I do not think it is the place of doctors in non-research settings to just willy-nilly prescribe treatments that some research suggests might have some promise. Another word for such activity might be malpractice, or irresponsibility. Non-researchers who want to consider a new (still under study) treatment for their patients can hook them up with a clinical trial, or wait a little longer for standards of care to lend more support to their thought. I am not there for my GI to experiment on me - unless I ask for it.
I think the literature shows this to be an active area. I got over a humndred hits in WebOfScience database, and even after removign those with c-diff in the title, I still had 37 - some of which were 2010-2011. FOr exaple:
- Borody, T. J., & Campbell, J. (2011). Fecal microbiota transplantation: current status and future directions. Expert Review of Gastroenterology & Hepatology, 5(6), 653-655.
Friswell, M., Campbell, B., & Rhodes, J. (2010). The Role of Bacteria in the Pathogenesis of Inflammatory Bowel Disease. Gut and Liver, 4(3), 295-306.
Kahn, S. A., Gorawara-Bhat, R., & Ruhin, D. T. (2011). Fecal Bacteriotherapy for Ulcerative Colitis; Patients Are Ready, Are We? Gastroenterology, 140(5), S593-S593.
Landy, J., Al-Hassi, H. O., McLaughlin, S. D., Walker, A. W., Ci***ira, P. J., Nicholls, R. J., et al. (2011). Review article: faecal transplantation therapy for gastrointestinal disease. Alimentary Pharmacology & Therapeutics, 34(4), 409-415.
Borody (2011) was actually the author of the 2003 acticle in the OP.
I will read these with interest. Especially the 2 review articles.
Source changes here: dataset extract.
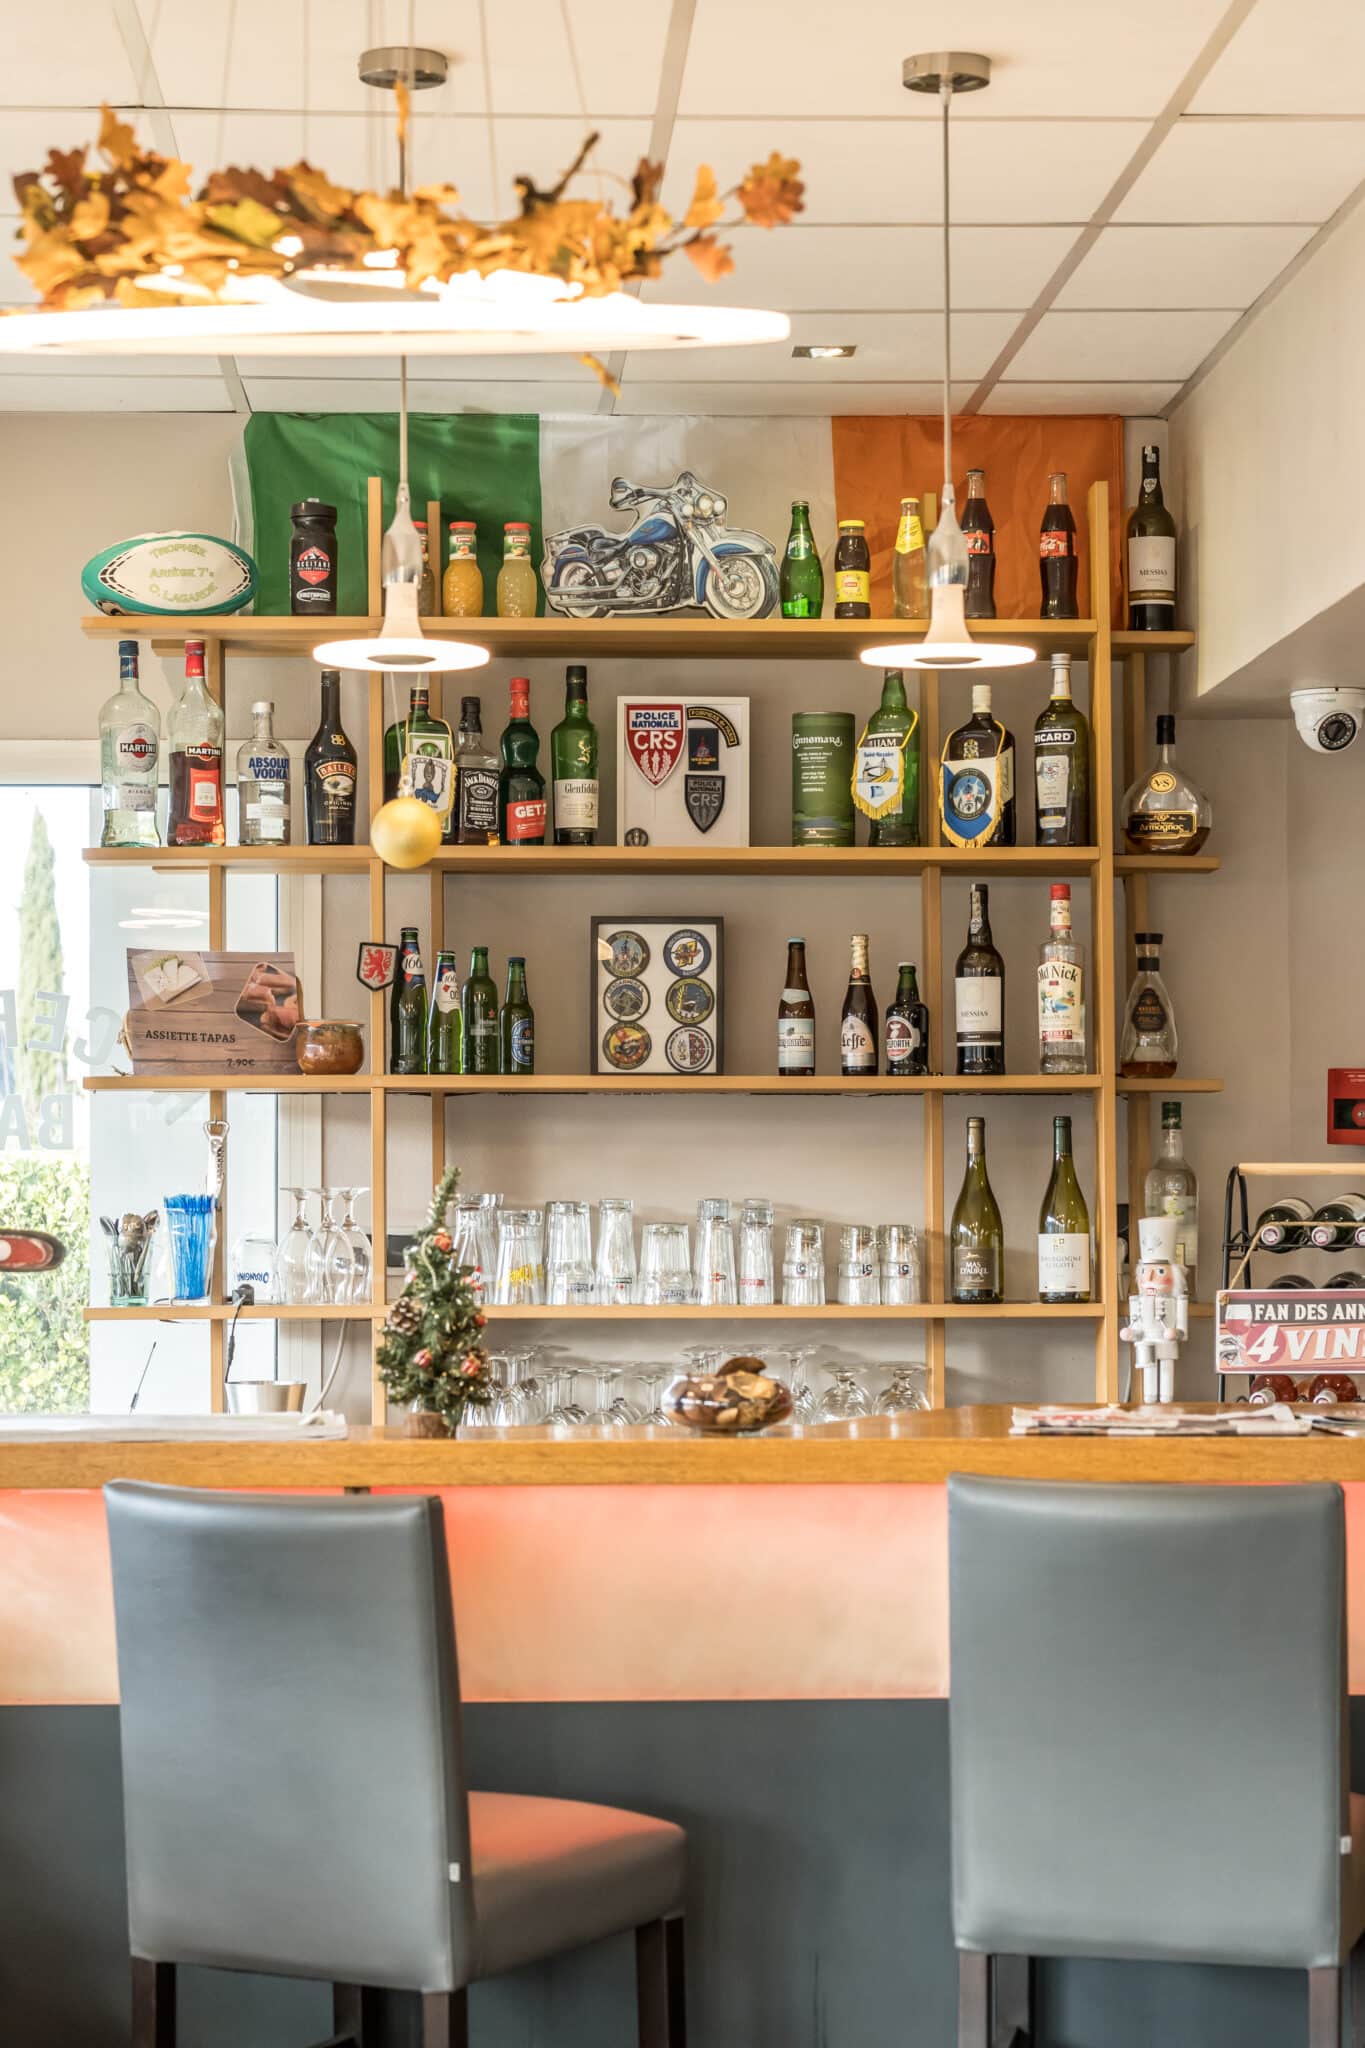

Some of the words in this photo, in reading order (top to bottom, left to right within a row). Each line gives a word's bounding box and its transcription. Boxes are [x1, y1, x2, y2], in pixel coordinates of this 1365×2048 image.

The 2003 article was a little unreliable because it was 6 case reports selected form over 15 years of clinical records. We had no information on how many other cases might have tried FT without success. I am also keenly aware of the difference between "100% of patients studied were cured" and "we select/present 6 cases where a 100% cure was observed." I do not understand how this got published with the editors and reviewers requiring a more honest and less misleading phrasing. Does not mean I think the information is false - just that the communication was flawed and had a high potential to mislead.
Anyway, if I have more thoughts after reading the reviews, I will try to post a summary.